==== Records supplied ====

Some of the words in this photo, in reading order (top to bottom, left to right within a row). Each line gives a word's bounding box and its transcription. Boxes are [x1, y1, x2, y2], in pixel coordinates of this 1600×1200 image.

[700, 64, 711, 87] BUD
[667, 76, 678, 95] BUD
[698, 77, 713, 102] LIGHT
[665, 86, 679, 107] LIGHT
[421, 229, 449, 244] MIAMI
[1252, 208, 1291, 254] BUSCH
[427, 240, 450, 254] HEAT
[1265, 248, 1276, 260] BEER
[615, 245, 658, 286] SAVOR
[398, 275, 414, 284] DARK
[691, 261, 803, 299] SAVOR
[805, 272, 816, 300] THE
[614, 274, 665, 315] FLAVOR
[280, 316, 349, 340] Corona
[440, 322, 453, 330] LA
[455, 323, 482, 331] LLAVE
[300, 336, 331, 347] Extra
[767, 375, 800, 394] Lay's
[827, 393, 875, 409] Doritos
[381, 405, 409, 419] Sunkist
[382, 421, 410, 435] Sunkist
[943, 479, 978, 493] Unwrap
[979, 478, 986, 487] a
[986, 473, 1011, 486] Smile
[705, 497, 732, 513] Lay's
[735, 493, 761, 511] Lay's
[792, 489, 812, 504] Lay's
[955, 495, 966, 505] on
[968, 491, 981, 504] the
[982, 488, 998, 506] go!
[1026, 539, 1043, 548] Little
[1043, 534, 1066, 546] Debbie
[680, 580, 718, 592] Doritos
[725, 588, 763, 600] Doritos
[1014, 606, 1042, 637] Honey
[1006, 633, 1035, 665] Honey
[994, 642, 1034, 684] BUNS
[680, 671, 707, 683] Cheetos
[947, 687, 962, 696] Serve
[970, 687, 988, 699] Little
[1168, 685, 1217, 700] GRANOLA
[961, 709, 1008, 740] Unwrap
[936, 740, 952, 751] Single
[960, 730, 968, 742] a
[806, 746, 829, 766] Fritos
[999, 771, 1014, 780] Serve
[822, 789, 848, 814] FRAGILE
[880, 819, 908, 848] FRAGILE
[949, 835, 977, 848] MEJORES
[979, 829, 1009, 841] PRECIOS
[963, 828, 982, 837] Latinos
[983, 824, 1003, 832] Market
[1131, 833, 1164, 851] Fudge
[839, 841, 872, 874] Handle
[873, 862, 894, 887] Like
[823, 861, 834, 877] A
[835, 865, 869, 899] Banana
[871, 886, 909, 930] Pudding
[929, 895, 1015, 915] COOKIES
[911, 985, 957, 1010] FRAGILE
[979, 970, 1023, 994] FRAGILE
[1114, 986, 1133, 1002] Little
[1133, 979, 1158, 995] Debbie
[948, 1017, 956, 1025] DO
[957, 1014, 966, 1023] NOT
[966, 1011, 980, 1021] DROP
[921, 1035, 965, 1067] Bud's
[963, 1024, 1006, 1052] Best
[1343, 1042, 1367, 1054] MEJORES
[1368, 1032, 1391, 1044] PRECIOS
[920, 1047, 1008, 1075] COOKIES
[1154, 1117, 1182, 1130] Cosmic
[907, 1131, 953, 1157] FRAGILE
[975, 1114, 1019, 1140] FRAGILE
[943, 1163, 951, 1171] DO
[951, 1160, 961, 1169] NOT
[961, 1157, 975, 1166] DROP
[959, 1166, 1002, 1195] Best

====

:: Directions ::
Please reproduce the whole listing exactly, omitting no line.

:: Answer box ::
Some of the words in this photo, in reading order (top to bottom, left to right within a row). Each line gives a word's bounding box and its transcription. Boxes are [x1, y1, x2, y2], in pixel coordinates of this 1600×1200 image.

[700, 64, 711, 87] BUD
[667, 76, 678, 95] BUD
[698, 77, 713, 102] LIGHT
[665, 86, 679, 107] LIGHT
[421, 229, 449, 244] MIAMI
[1252, 208, 1291, 254] BUSCH
[427, 240, 450, 254] HEAT
[1265, 248, 1276, 260] BEER
[615, 245, 658, 286] SAVOR
[398, 275, 414, 284] DARK
[691, 261, 803, 299] SAVOR
[805, 272, 816, 300] THE
[614, 274, 665, 315] FLAVOR
[280, 316, 349, 340] Corona
[440, 322, 453, 330] LA
[455, 323, 482, 331] LLAVE
[300, 336, 331, 347] Extra
[767, 375, 800, 394] Lay's
[827, 393, 875, 409] Doritos
[381, 405, 409, 419] Sunkist
[382, 421, 410, 435] Sunkist
[943, 479, 978, 493] Unwrap
[979, 478, 986, 487] a
[986, 473, 1011, 486] Smile
[705, 497, 732, 513] Lay's
[735, 493, 761, 511] Lay's
[792, 489, 812, 504] Lay's
[955, 495, 966, 505] on
[968, 491, 981, 504] the
[982, 488, 998, 506] go!
[1026, 539, 1043, 548] Little
[1043, 534, 1066, 546] Debbie
[680, 580, 718, 592] Doritos
[725, 588, 763, 600] Doritos
[1014, 606, 1042, 637] Honey
[1006, 633, 1035, 665] Honey
[994, 642, 1034, 684] BUNS
[680, 671, 707, 683] Cheetos
[947, 687, 962, 696] Serve
[970, 687, 988, 699] Little
[1168, 685, 1217, 700] GRANOLA
[961, 709, 1008, 740] Unwrap
[936, 740, 952, 751] Single
[960, 730, 968, 742] a
[806, 746, 829, 766] Fritos
[999, 771, 1014, 780] Serve
[822, 789, 848, 814] FRAGILE
[880, 819, 908, 848] FRAGILE
[949, 835, 977, 848] MEJORES
[979, 829, 1009, 841] PRECIOS
[963, 828, 982, 837] Latinos
[983, 824, 1003, 832] Market
[1131, 833, 1164, 851] Fudge
[839, 841, 872, 874] Handle
[873, 862, 894, 887] Like
[823, 861, 834, 877] A
[835, 865, 869, 899] Banana
[871, 886, 909, 930] Pudding
[929, 895, 1015, 915] COOKIES
[911, 985, 957, 1010] FRAGILE
[979, 970, 1023, 994] FRAGILE
[1114, 986, 1133, 1002] Little
[1133, 979, 1158, 995] Debbie
[948, 1017, 956, 1025] DO
[957, 1014, 966, 1023] NOT
[966, 1011, 980, 1021] DROP
[921, 1035, 965, 1067] Bud's
[963, 1024, 1006, 1052] Best
[1343, 1042, 1367, 1054] MEJORES
[1368, 1032, 1391, 1044] PRECIOS
[920, 1047, 1008, 1075] COOKIES
[1154, 1117, 1182, 1130] Cosmic
[907, 1131, 953, 1157] FRAGILE
[975, 1114, 1019, 1140] FRAGILE
[943, 1163, 951, 1171] DO
[951, 1160, 961, 1169] NOT
[961, 1157, 975, 1166] DROP
[959, 1166, 1002, 1195] Best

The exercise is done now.